Your answer should be an exact copy of all the entries, free of pictures.
BEGIN Materials provided
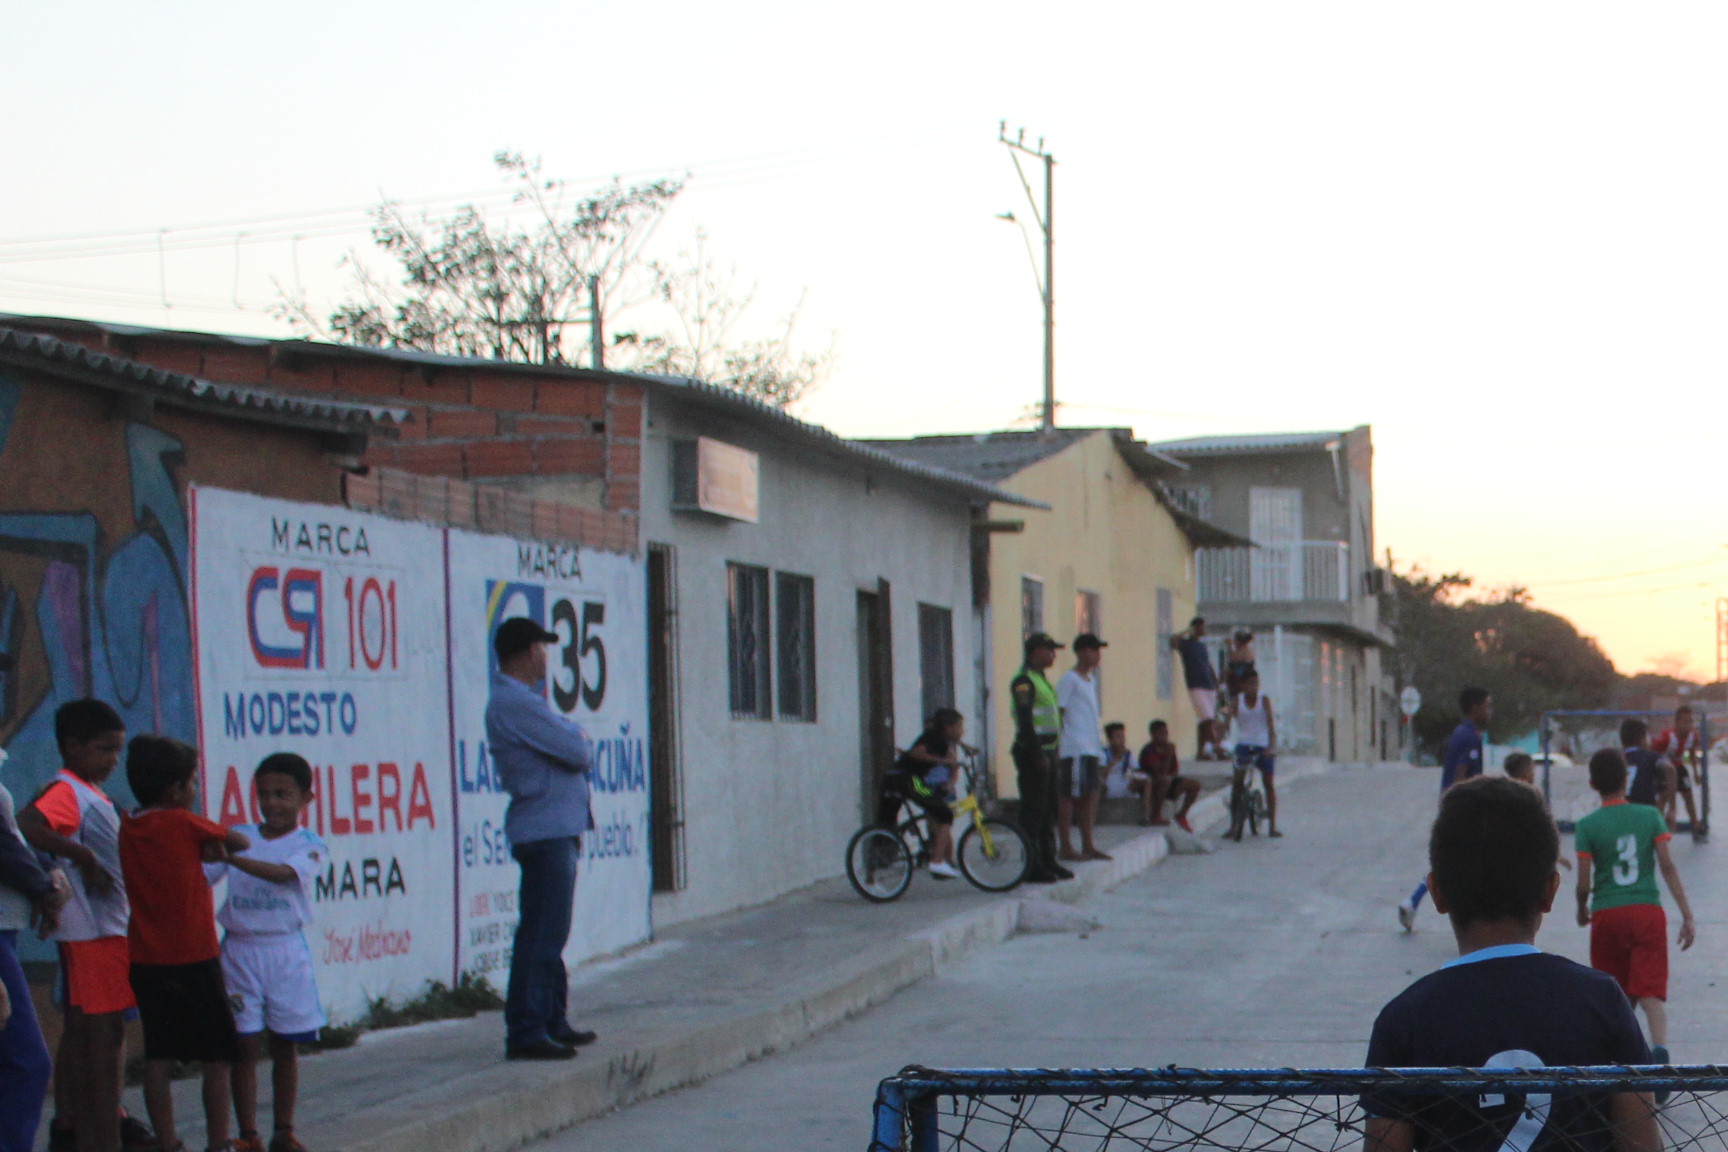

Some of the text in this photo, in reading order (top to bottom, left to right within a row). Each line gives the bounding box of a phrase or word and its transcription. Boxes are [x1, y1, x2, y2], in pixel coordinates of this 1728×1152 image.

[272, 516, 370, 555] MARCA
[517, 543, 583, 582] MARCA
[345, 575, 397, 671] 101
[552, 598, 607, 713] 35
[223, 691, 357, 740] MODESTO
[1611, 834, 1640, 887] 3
END Materials provided
Your solution
Some of the text in this photo, in reading order (top to bottom, left to right within a row). Each line gives the bounding box of a phrase or word and its transcription. Boxes are [x1, y1, x2, y2], in pixel coordinates of this 1728×1152 image.

[272, 516, 370, 555] MARCA
[517, 543, 583, 582] MARCA
[345, 575, 397, 671] 101
[552, 598, 607, 713] 35
[223, 691, 357, 740] MODESTO
[1611, 834, 1640, 887] 3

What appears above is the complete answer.